EXERCISE DETAILS:
Everything in the entries except the pictures should be repeated exactly.

(THE INPUT begins)

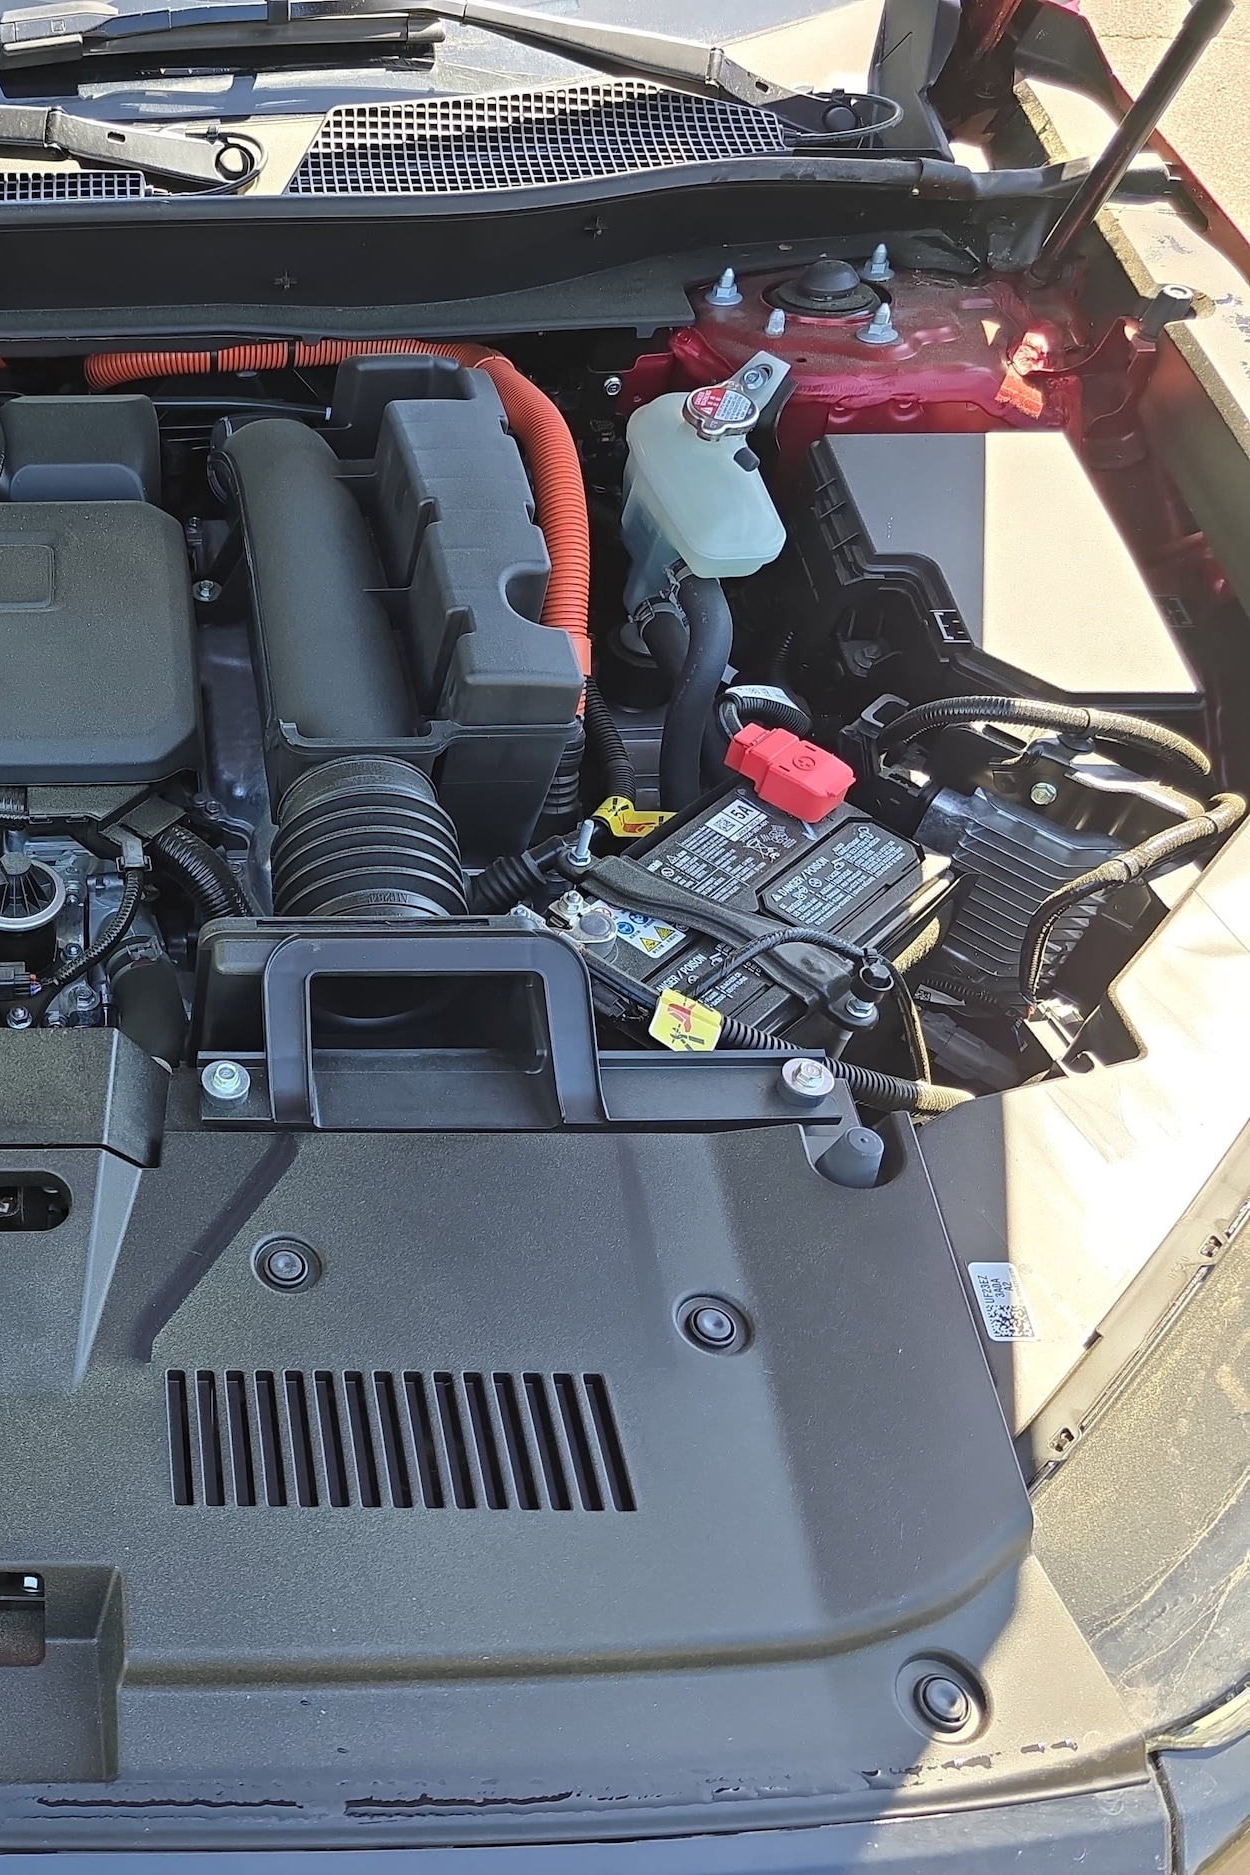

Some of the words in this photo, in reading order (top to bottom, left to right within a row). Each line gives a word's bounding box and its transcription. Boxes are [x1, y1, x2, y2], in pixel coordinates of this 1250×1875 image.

[730, 804, 754, 820] 5A
[777, 875, 805, 897] DANGER
[806, 856, 830, 876] POISON
[681, 953, 707, 975] POISON
[978, 1275, 995, 1304] UF23EZ
[1001, 1281, 1014, 1292] A2

(THE INPUT ends)

OUTPUT OF THE TASK:
Some of the words in this photo, in reading order (top to bottom, left to right within a row). Each line gives a word's bounding box and its transcription. Boxes are [x1, y1, x2, y2], in pixel coordinates of this 1250×1875 image.

[730, 804, 754, 820] 5A
[777, 875, 805, 897] DANGER
[806, 856, 830, 876] POISON
[681, 953, 707, 975] POISON
[978, 1275, 995, 1304] UF23EZ
[1001, 1281, 1014, 1292] A2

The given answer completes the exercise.